I respectfully dissent. This case returns to this Court on remand from our Supreme Court for the limited purpose of reconsideration in light of Johnson v. First Union Corp., 131 N.C. App. 142, 504 S.E.2d 808 (1998) (subsequent history omitted).
Here, plaintiff, seeking damages for negligent infliction of emotional distress, filed suit against two vocational rehabilitation specialists. Plaintiff alleged that “defendants were both personally negligent and professionally negligent in their pursuit of plaintiff’s vocational rehabilitation.” Riley v. Debaer, 144 N.C. App. 357, 359, 547 S.E.2d 831, 833 (2001). Unlike the cases relied upon by the majority, Johnson and Deem, plaintiff here did not file any action against her employer or co-employee.

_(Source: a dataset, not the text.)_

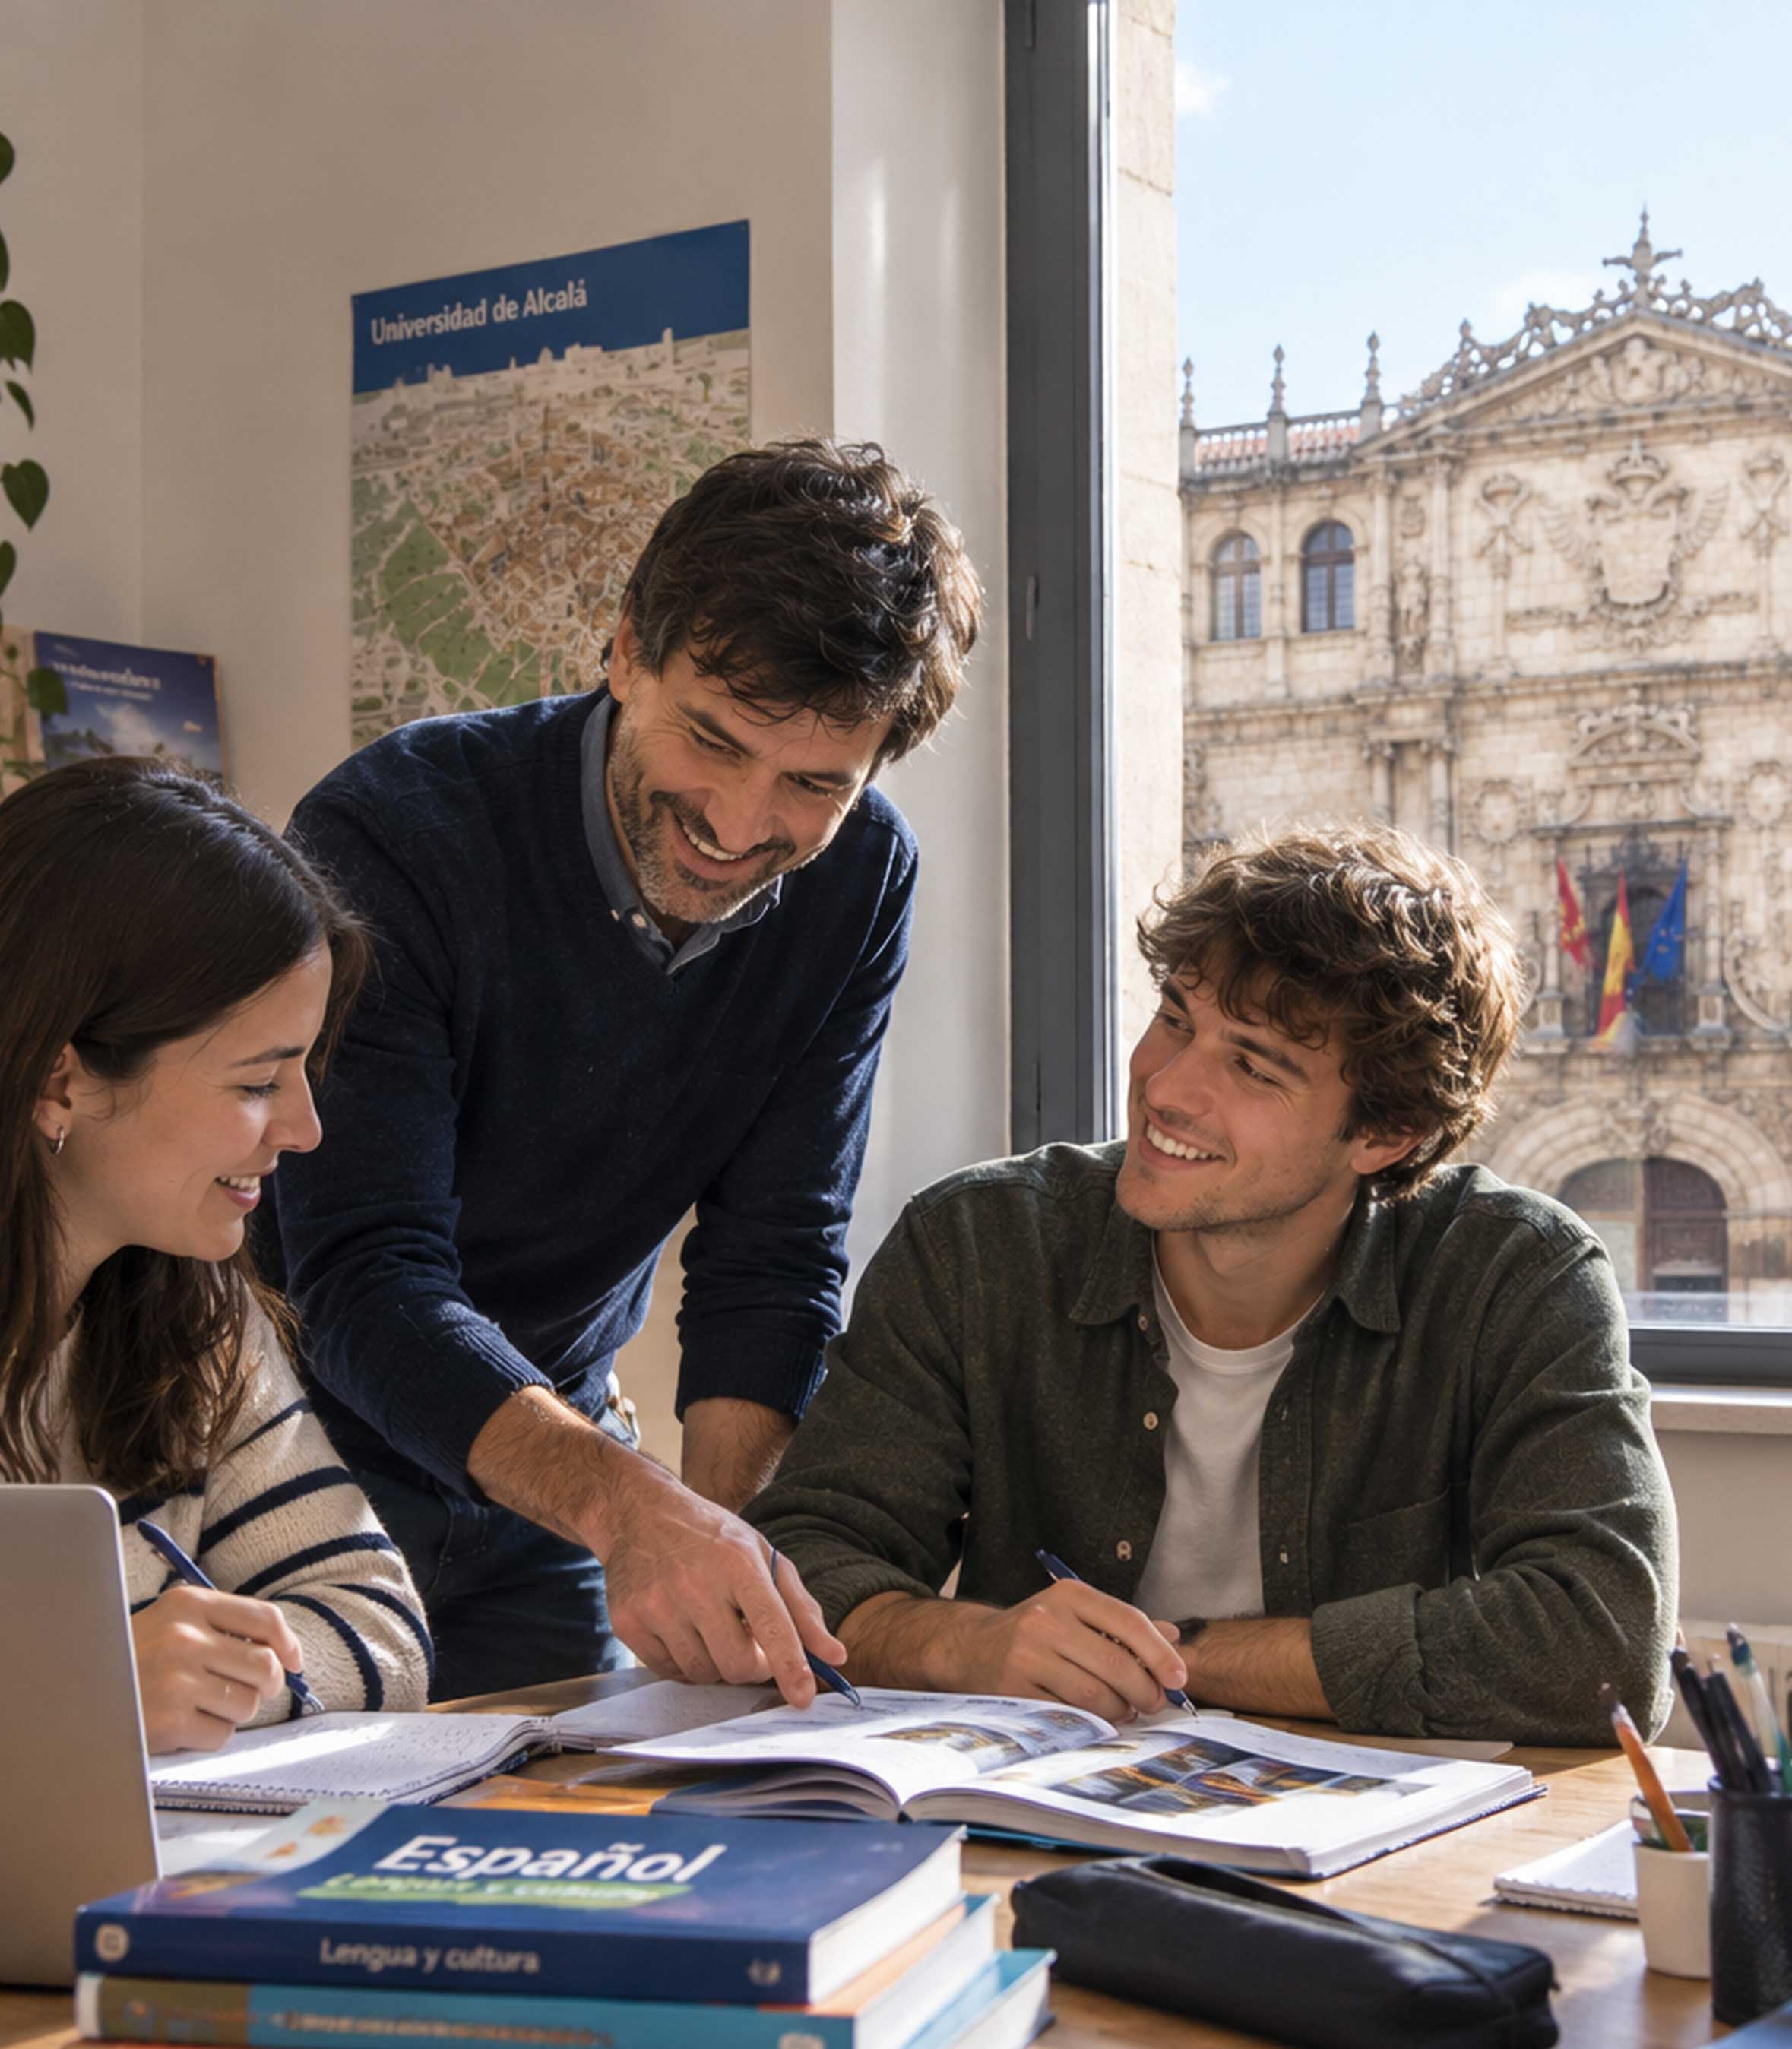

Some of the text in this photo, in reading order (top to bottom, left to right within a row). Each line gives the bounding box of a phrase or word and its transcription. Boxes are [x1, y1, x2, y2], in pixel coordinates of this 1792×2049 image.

This case presents an issue of first impression: Whether plaintiff’s sole remedy lies within the Workers’ Compensation Act and whether the trial court had subject-matter jurisdiction to adjudicate plaintiff’s negligence claim against a non-employer and non-coworker defendant. The Court of Appeals of Indiana addressed the same issue in Campbell v. Eckman/Freeman & Assoc., 670 N.E.2d 925 (Ind. App. 1996), as did the Supreme Court of Oregon in Nicholson v. Blachly, 753 P.2d 955 (Or. 1988). In both of those cases, the learned courts held *528that a plaintiff-employee could maintain an action in tort against a third-party vocational rehabilitation organization that had contracted with plaintiff’s employer to provide assistance under each State’s respective workers’ compensation act. The Indiana and Oregon workers’ compensation acts are substantially similar to our Act. See Ind. Code §§ 22-3-1 to -12 (2002); Or. Rev. Stat. §§ 656.001-.990 (2001). The rationale supporting the decisions by the Indiana Court of Appeals in Campbell and the Oregon Supreme Court in Nicholson is applicable here and should be adopted by our courts.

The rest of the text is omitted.